Ryan was shocked that her anecdote generated controversy – she got on with the guy! She also wanted to go home early. But it revealed something larger: a strategic rigidity around sex, a sense that the price of the #MeToo movement was demonstrative modesty. “I’ve always found this notable, in arguments about sex, permission and manipulation, the people who fail to grasp the complexity of it. Therefore if this is abuse, why isn’t that abuse?” She brings up the comparison of certain remarks to lyrics in popular music. “Certain people said: ‘Well, how’s that dissimilar?’ I thought: ‘How is it similar?’”

She would not have relocated to London in 2008 had it not been for her then boyfriend. “Everyone said: ‘Don’t go to London, they have rats there.’ And I disliked it, because I was immediately broke.”
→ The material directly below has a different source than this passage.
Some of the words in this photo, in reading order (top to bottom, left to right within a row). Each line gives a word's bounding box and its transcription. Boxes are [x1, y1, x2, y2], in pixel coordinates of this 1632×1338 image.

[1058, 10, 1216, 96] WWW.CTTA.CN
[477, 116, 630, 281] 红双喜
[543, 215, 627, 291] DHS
‘I felt confident I had material’

She got a job in sales, was told she had an autoimmune condition, which can sometimes make it challenging to get pregnant, and at 23, made the decision to try to have a baby. “When you’re first diagnosed something – I was quite unwell at the time – you go to the darkest possibility. My logic with my boyfriend was, we’ve had so many issues, if we are still together by now, we never will. Now I see how extended life is, and how many things can alter. But at 23, I didn't realize.” She managed to get pregnant and had Violet.

The subsequent chapter sounds as nerve-wracking as a classic comedy film. While on maternity leave, she would look after Violet in the day and try to enter comedy in the evening, bringing her daughter with her. She felt from her sales job that she had no problem persuading others, and she had confidence in her quickfire wit from her time at Hooters; more than that, she says plainly, “I knew I had comedy.” The whole scene was shot through with bias – she won a major comedy award in 2008, just over a year after she’d started performing, a prize that was conceived in the context of a persistent debate about whether women could be funny

Catherine Martinez
Catherine Martinez

Elara is a literary critic and cultural analyst with a passion for uncovering hidden narratives in modern writing.